MiR-137 and miR-966 mutants showed muscle degeneration as early as young age indicating, these miRNAs are required in muscle during development. The severity of muscle degeneration upon aging was more prominent for miR-966 mutants compared to temperature stress and sugar starvation. This further indicated that miR-966 is required to maintain healthy muscle in aging. MiR-966 is also reported to be enriched in hemolymph in old flies (Dhahbi et al., 2016). We have also shown from lifespan analysis that miR-966 mutants, in general, had a higher survival rate compared to control (Supplementary Figure 3). Altogether, these findings further suggest that loss of miR-966 can be more responsive to physiological changes related to aging. Muscle atrophy was also observed in all miRNA
mutants at a young age. This further indicates that all three miRNAs are required during developmental stage to maintain muscle integrity.
Muscle degeneration phenotype can be caused by muscles as well as neuronal defects. GO component term analyzed on conserved predicted mRNA targets of all three candidate miRNAs implied that these miRNA can be involved in the cell membrane and cell periphery related processes. MiR-137 having the most predicted targets, in addition, can be associated with neuronal processes like synapse and NMJs. GO terms for predicted miRNAs targets are in agreement with Dg functions. Luciferase reporter assay further confirmed that all three miRNAs miR-137, miR-927, and miR-966 can downregulate Dg in vitro. Therefore, an in vivo screen on miRNAs gain-of-function was performed to further confirm all three selected miRNAs can downregulate Dg and/or any other muscle-specific target genes. As expected, over-expression of miRNAs gave stronger phenotypes as compared to their loss-of-function mutants. Over-expression of miR-137 was the most severe in flies as its over-expression during developmental stage cause embryonic lethality, while over-expression in adult muscle resulted in strong muscle degeneration or complete absence of individual muscle.
The experiment further confirmed that miR-927 is required more during developing muscle as over-expression of miR-927 with how-Gal4 was lethal during the embryonic stage.
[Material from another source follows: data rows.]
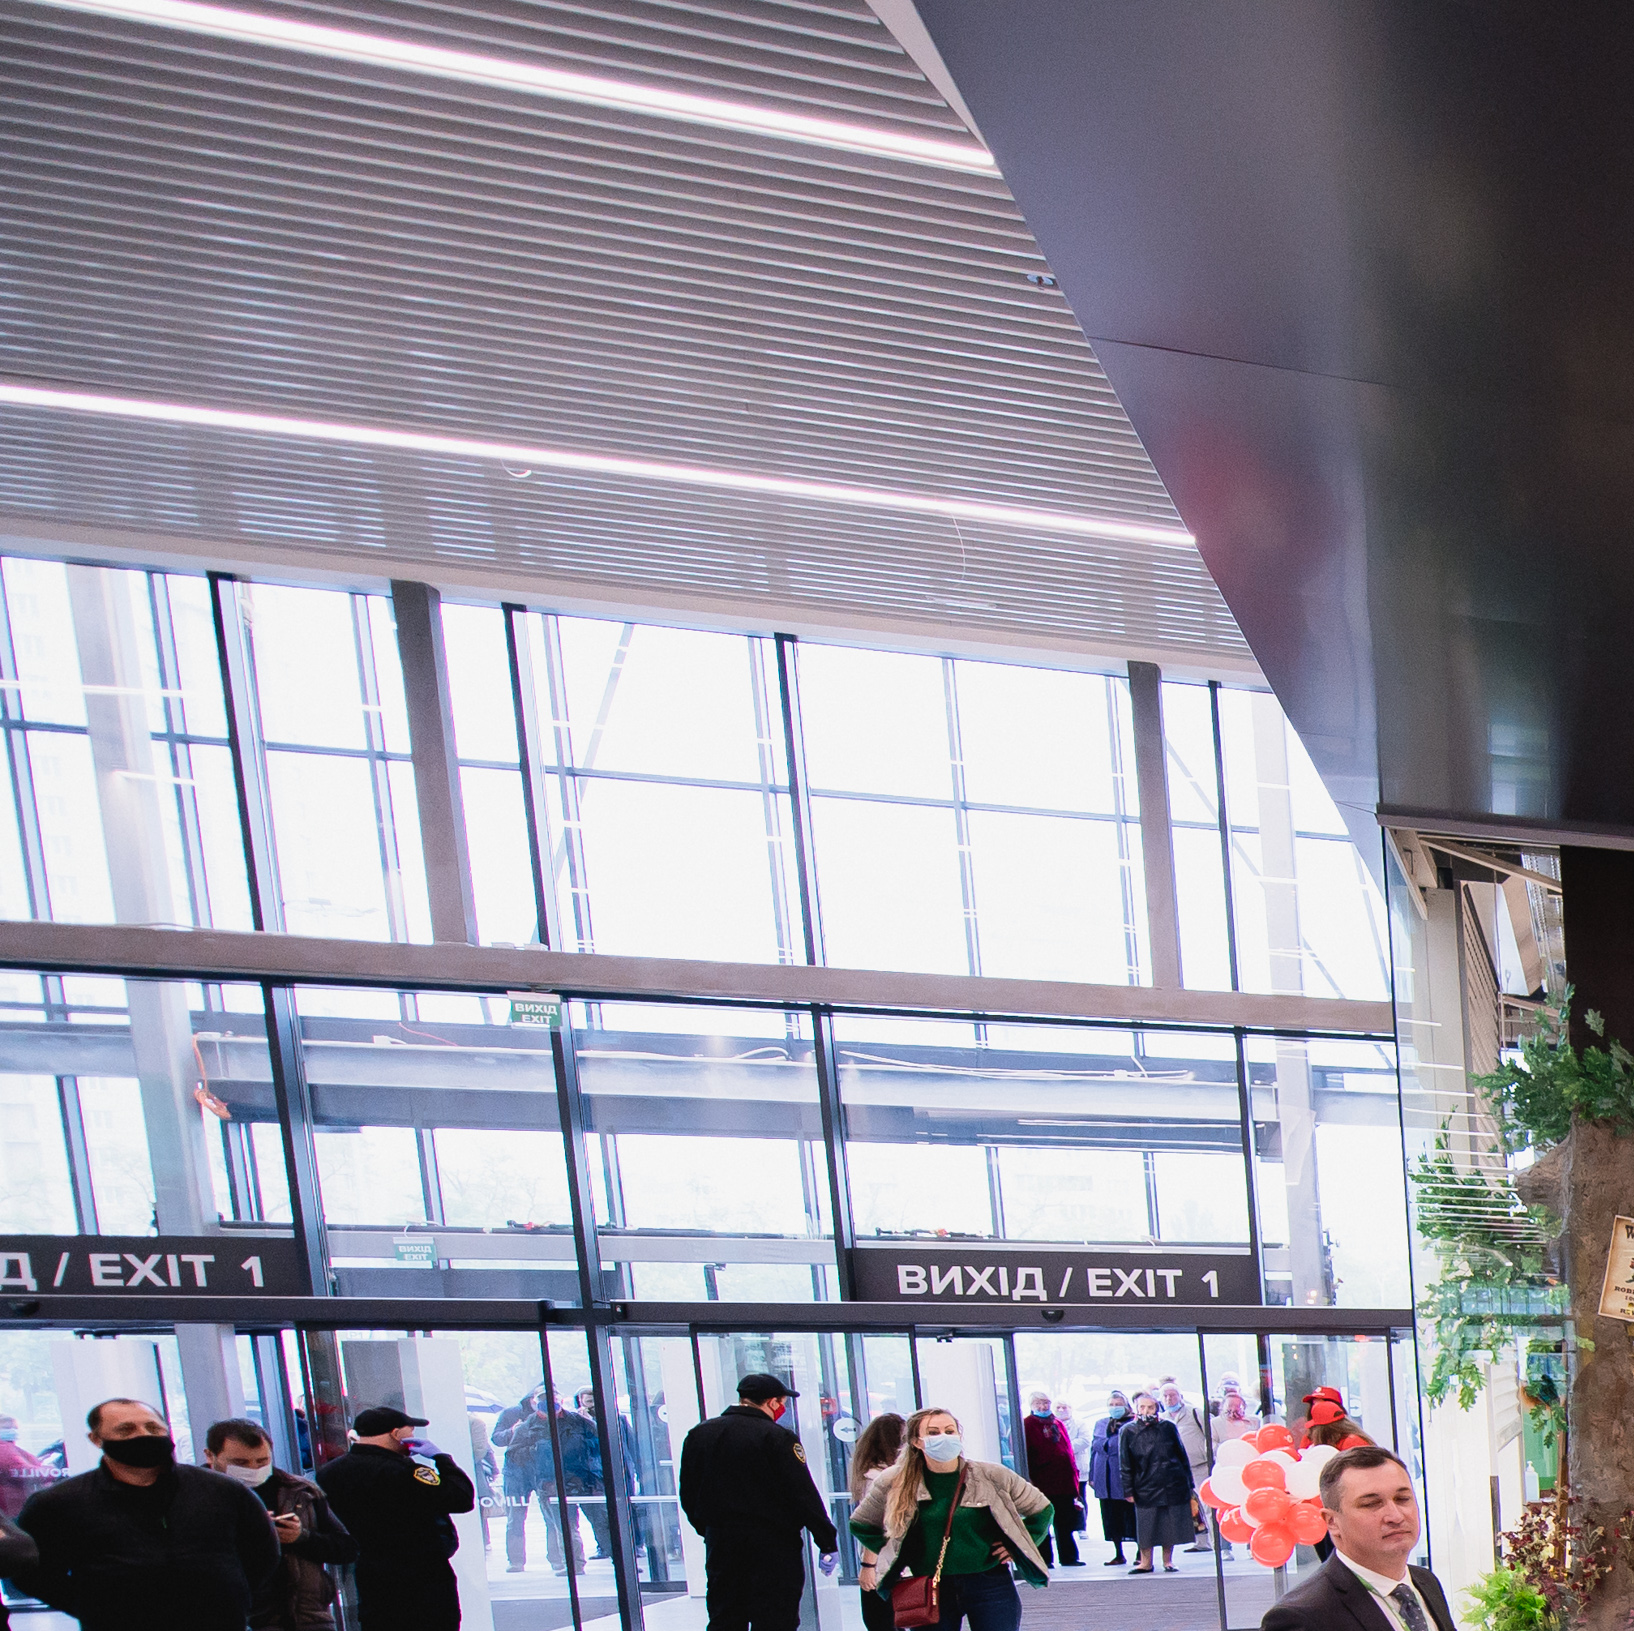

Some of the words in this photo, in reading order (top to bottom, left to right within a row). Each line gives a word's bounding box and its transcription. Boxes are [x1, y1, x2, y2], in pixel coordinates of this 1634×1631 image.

[514, 1003, 558, 1015] ВИХІД
[522, 1014, 552, 1024] EXIT
[88, 1253, 216, 1287] EXIT
[241, 1256, 265, 1288] 1
[897, 1265, 1048, 1301] ВИХІД
[1087, 1268, 1183, 1298] EXIT
[1201, 1270, 1220, 1298] 1
Though the severity of phenotype can also depend on the strength of the UAS-miR-lines used, we observed that over-expression of miR-966 in adult muscle resulted in more severe phenotype compared to developing muscle. Over-expression in developing muscle also affected the muscle maintenance at young age but the effect of aging was prominent in flies.
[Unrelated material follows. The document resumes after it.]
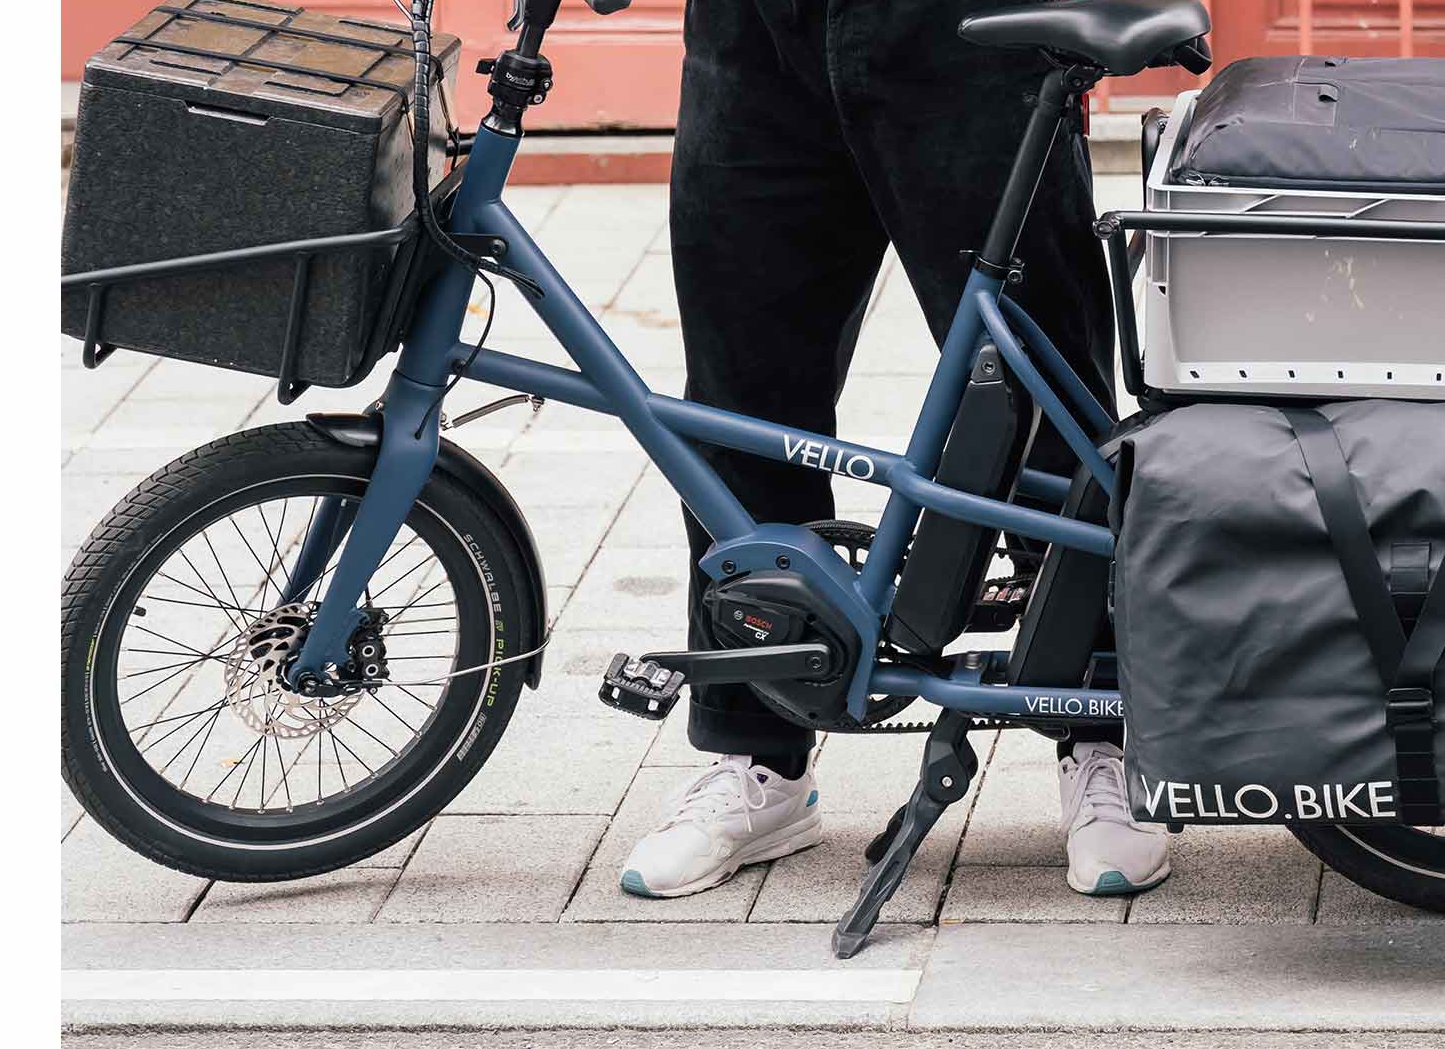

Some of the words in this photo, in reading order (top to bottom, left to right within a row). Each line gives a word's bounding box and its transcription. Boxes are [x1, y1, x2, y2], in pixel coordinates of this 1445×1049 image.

[783, 434, 875, 480] VELLO
[463, 534, 502, 613] SCHWALBE
[1025, 696, 1125, 717] VELLO.BIKE
[1140, 774, 1397, 820] VELLO.BIKE
This further indicates, miR-966 can regulate age-dependent gene expression to maintain healthy muscles in animals. Many muscle-specific miRNAs (myomiRs) have been proposed as biomarkers for pathological and physiological muscle processes. myomiRs such as miR-1, miR-133, miR-206, miR-208, and miR-499 have been proposed as a diagnostic marker for DMD (Cacchiarelli et al., 2011b; Jeanson-Leh et al., 2014; Li et al., 2014). This study further suggests, miR-137, miR-927, and miR-966 can act as a regulatory molecule to regulate Dg level in respons to stress to maintain healthy muscle in flies.